With the ink barely dry on his debut UK release, those fans
who feasted on HIGH TOP MOUNTAIN are set to gorge themselves further as
Sturgill Simpson’s sophomore album METAMODERN SOUNDS IN COUNTRY MUSIC simultaneously
hits both sides of the Atlantic on May 12. Having
caused more than a ripple within the country music intelligentsia with his
first album, Sturgill serves up more of the same in this follow up which further justifies UK label Loose Music’s decision to add the Kentucky born country
outlaw to their roster.
You are unlikely to come across a deeper and more
philosophical album this year as Simpson continues to delight those seeking for
an heir to Cash, Nelson, Haggard and Jennings. With masterly song writing and a
neo traditional stance, this album oozes with a pretence soaked in top 40 radio
antipathy. This is country music with a psychedelic edge that manages to push
your mind to the limit and at the same time still retain glimpses of a laid back sound synonymous
with the golden age of classic singer song writing.
This contrasting observation is epitomised in the opening
and closing tracks which book-end this 34 minute ten song collection.
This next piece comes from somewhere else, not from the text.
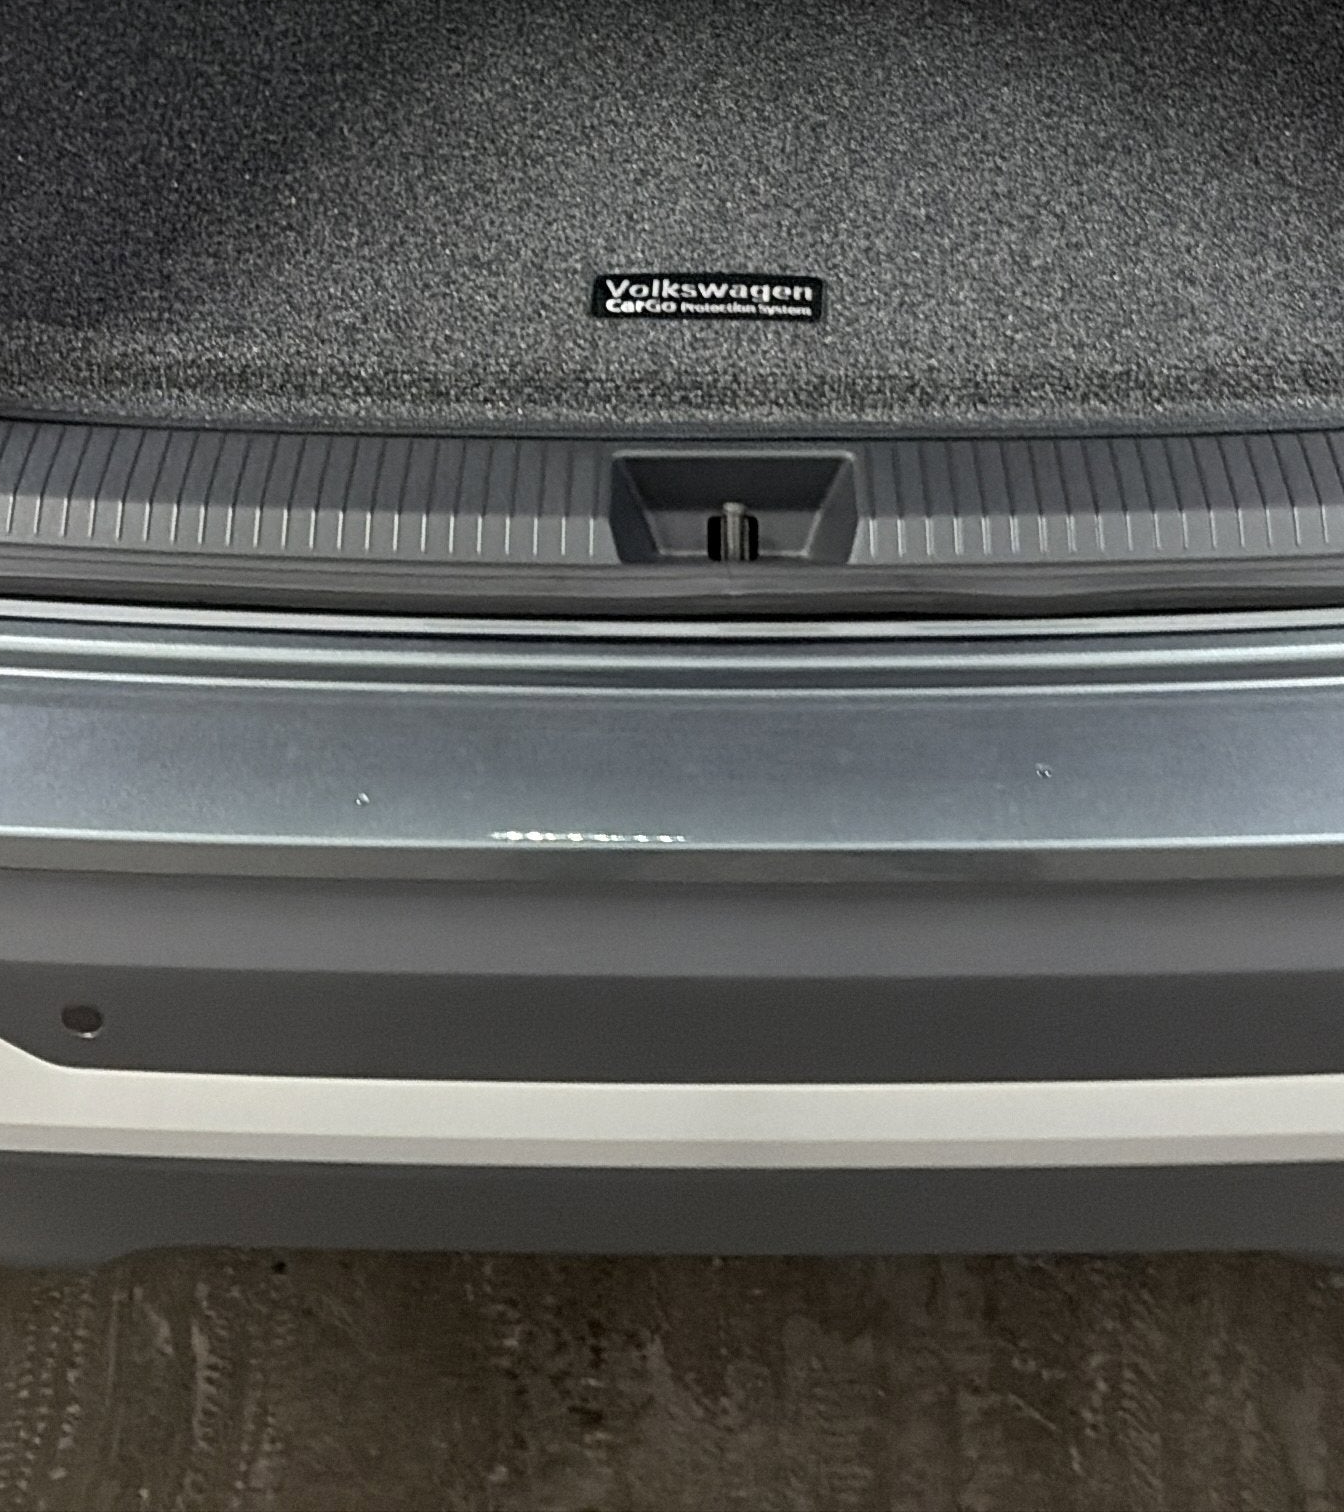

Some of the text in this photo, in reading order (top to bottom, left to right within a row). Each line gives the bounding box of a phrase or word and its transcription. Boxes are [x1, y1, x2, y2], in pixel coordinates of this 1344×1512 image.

[605, 278, 813, 303] Volkswagen
[680, 301, 756, 314] Protection
[758, 303, 813, 317] System
Quite
what the Grand Ole Opry made of Simpson bringing the high-brow thinking of the
earth being pulled along the universe on the back of a turtle to its iconic
platform is unsure but the opening and lead song from the record has all the structural hallmarks of Kristofferson at his best. ‘Turtles
All The Way Down’ is an interesting track designed to free your mind with
killer lines such as ‘There’s a gateway in our mind that leads somewhere out
there beyond this plane’ and ‘Met the devil in Seattle and spent 9 months
inside the lion’s den’. The wider web will indulge any further analysis of this
song but despite lacking a chorus hook it possesses a magnetic appeal and is
rich in Simpson’s country vocals.
For a more homely, nostalgic
and fairly straightforward take on life, the album closes with a so called
bonus track ‘Pan Bowl’ which sees
Simpson in a reflective mood on his younger days. References to his
grandparents are interesting as his grandfather is also the voice behind the
album’s old style radio intro which sets the scene perfectly before we are introduced
to turtle theories. The album’s second track is also another traditional pleaser
and any country album is incomplete without reference to the content of ‘Life of Sin’. However Simpson is keen to
not overdo the country clichés and virtually leaves the genre in his dip into a
radical psychedelic sound within the strains of electric in ‘If It Ain’t All Light’.
Simpson has chosen to rework the song writing of others on
two of the tracks and decided it was time to recapture the truck as a means of living rather than a leisure lifestyle in ‘Long White Lines’. This song was popularised by 90s country star Aaron Tipping, angles on the lonely side of the trucking life and Simpson’s version
does it justice. For his take on love, Simpson has rehashed an 80’s British minor electro-pop hit ‘The Promise’
by an act called When in Rome. He saw the country potential in the song and has
certainly made a good job in re-working it in this style.
There are gospel overtures to the guitar led rock n’ roll
number ‘A Little Light’ , while ‘Just Let Go’ is a heartfelt ballad with
traces of slide guitar adding to the ambience of the song. The two remaining
tracks ‘Living The Dream’ and ‘Voices’ add to the diversity of the
record with a underlying appeal of digesting the lyrical content amidst a sound
true to the core of country music. Simpson is an acknowledged deep thinking
artist and this approach is a defining feature of the album.